3

The gzip file format contains the (uncompressed/original) file size encoded in the last 4 bytes of the compressed file. The "gzip -l" command reports the compressed and uncompressed sizes, the compression ratio, the original filename.

Looking around stackoverflow, there are a couple of mentions of decoding the size encoded in the last 4 bytes.

What is the encoding of the size? Big-endian (most significant byte first), Little-endian (least significant byte first), and is the value signed or unsigned?
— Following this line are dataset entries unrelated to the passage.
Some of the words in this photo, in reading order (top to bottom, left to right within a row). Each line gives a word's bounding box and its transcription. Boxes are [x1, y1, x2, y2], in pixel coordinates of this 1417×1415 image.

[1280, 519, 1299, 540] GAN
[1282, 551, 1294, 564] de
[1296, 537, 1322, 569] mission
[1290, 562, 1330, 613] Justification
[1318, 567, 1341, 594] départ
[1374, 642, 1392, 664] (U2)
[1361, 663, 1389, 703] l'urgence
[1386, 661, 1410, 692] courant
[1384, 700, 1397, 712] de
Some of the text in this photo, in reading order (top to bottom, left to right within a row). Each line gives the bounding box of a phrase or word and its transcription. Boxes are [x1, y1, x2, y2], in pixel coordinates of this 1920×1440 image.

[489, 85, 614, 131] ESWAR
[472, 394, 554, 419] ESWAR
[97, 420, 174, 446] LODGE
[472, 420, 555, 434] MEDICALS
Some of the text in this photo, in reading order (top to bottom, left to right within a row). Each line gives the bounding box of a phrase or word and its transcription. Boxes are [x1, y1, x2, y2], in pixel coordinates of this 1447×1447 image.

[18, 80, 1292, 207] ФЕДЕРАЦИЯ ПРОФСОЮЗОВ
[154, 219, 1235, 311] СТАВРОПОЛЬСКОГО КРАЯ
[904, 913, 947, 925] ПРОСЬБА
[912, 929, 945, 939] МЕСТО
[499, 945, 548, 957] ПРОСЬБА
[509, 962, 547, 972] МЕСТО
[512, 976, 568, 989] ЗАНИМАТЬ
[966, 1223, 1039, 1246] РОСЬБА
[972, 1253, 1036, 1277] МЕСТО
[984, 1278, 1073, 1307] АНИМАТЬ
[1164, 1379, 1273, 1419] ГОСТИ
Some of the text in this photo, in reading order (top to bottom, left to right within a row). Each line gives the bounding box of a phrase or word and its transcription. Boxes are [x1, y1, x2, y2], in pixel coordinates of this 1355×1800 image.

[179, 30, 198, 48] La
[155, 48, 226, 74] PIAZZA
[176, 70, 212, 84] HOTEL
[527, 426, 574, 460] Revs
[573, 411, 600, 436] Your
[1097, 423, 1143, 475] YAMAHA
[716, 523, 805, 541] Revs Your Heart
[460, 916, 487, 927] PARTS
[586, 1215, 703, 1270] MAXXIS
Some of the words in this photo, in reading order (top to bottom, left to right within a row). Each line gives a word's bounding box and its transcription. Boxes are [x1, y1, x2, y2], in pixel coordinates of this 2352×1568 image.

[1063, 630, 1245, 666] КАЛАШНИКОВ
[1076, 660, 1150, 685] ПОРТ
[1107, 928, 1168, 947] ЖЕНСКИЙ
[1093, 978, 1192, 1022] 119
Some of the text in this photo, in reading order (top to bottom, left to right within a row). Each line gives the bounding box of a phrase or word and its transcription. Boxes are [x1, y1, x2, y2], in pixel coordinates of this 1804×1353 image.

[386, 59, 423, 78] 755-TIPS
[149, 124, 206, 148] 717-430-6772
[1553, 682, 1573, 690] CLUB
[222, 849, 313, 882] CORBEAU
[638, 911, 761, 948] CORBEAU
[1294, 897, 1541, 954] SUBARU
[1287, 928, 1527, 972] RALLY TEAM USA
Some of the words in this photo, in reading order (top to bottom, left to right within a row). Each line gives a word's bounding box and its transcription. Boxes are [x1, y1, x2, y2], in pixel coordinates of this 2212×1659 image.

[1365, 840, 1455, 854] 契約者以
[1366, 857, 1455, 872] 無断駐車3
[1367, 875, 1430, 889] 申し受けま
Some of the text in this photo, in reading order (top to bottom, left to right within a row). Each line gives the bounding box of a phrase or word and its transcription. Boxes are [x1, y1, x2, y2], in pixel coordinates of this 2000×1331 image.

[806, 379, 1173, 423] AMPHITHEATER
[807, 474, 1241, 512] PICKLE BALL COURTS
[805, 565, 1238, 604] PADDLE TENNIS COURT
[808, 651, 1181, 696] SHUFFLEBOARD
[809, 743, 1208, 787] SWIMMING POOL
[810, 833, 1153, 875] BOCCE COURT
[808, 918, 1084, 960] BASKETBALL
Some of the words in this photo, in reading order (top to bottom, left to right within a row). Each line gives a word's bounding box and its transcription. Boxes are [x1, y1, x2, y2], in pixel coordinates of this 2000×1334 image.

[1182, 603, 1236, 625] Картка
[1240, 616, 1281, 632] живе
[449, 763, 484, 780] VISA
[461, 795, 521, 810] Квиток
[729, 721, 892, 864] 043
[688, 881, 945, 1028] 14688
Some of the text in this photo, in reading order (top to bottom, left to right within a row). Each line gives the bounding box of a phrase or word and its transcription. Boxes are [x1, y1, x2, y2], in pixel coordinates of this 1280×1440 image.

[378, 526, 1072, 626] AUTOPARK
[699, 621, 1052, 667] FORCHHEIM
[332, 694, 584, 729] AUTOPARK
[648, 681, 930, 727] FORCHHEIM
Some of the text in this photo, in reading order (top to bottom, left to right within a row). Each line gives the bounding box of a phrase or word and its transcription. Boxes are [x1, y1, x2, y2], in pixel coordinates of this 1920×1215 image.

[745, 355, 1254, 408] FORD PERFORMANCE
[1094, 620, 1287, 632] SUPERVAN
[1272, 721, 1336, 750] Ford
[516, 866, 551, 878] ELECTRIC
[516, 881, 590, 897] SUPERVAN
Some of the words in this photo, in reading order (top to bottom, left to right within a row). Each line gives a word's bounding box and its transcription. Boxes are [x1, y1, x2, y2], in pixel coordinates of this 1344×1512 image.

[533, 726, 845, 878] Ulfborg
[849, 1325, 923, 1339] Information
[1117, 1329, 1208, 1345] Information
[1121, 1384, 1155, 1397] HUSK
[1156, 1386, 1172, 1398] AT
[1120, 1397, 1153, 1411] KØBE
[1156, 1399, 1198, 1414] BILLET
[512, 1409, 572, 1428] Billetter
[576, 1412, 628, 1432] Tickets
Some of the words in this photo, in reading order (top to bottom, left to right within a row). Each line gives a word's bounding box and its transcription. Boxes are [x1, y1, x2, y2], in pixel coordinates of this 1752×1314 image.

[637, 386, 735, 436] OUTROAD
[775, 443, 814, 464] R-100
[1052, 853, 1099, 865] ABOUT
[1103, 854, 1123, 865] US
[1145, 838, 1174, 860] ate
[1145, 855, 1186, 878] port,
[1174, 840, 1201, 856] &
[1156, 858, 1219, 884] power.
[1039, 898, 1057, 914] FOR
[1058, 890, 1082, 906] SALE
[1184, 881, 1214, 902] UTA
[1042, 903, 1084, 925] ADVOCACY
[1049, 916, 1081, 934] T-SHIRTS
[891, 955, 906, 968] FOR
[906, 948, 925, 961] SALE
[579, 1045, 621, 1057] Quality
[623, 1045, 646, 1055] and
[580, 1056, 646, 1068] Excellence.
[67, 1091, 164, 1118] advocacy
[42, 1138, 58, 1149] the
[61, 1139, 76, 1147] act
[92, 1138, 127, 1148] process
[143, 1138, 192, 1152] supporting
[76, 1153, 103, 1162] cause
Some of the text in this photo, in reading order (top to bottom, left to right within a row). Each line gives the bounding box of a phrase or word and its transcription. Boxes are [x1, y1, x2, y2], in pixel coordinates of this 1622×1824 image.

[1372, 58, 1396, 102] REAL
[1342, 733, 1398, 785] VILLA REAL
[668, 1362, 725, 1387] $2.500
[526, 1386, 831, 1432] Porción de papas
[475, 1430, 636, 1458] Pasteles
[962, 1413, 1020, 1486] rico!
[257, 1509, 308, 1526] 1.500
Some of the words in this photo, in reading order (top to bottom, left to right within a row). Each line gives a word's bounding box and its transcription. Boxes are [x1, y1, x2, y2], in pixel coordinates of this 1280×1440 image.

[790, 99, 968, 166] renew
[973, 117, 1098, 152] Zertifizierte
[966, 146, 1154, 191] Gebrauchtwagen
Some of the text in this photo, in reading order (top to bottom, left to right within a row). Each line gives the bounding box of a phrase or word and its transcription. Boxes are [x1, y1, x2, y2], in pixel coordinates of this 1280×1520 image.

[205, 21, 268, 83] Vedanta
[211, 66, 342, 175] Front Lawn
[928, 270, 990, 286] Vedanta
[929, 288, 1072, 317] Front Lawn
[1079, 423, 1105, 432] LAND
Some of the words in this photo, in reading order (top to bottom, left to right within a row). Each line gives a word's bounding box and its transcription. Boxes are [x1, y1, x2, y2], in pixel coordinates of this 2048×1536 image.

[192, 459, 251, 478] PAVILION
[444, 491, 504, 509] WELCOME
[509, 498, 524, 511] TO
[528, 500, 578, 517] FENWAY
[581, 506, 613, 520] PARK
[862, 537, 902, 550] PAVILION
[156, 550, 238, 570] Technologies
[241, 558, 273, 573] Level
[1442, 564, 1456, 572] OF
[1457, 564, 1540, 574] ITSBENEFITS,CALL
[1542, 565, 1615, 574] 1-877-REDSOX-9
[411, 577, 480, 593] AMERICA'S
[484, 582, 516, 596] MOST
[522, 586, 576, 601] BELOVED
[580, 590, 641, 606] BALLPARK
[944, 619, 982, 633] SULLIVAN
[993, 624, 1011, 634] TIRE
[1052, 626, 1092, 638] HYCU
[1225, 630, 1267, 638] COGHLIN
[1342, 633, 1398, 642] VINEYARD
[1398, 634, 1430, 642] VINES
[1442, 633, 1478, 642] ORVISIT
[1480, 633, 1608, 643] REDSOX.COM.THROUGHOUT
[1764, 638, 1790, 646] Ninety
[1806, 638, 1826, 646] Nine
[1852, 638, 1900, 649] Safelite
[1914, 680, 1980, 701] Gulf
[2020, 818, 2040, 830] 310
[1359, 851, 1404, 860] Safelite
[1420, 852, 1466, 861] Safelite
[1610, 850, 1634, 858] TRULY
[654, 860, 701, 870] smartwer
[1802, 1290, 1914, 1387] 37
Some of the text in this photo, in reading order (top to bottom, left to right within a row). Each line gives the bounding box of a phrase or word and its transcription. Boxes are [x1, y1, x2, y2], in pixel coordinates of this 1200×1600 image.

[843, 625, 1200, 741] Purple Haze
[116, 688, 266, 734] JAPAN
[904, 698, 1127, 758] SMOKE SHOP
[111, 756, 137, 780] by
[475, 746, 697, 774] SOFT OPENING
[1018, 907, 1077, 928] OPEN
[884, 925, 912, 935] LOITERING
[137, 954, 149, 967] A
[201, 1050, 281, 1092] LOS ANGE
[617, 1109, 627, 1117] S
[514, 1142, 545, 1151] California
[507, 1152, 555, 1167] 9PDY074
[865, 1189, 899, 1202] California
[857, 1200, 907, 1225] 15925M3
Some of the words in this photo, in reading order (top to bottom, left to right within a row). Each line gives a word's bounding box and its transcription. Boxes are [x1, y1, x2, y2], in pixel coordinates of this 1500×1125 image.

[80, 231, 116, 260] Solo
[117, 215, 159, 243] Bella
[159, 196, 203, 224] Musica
This code snippet seems to be working for me,

FILE* fh; //assume file handle opened
unsigned char szbuf[4];
struct stat statbuf;
fstat(fn,&statbuf);
unsigned long clen=statbuf.st_size;
fseek(fh,clen-4,SEEK_SET);
int count=fread(szbuf,1,4,fh);
unsigned long ulen = ((((((szbuf[4-1] << 8) | szbuf[3-1]) << 8) | szbuf[2-1]) << 8) | szbuf[1-1]);

Here are a couple of related posts, which seem to imply little-endian, and unsigned long (0..4GB-1).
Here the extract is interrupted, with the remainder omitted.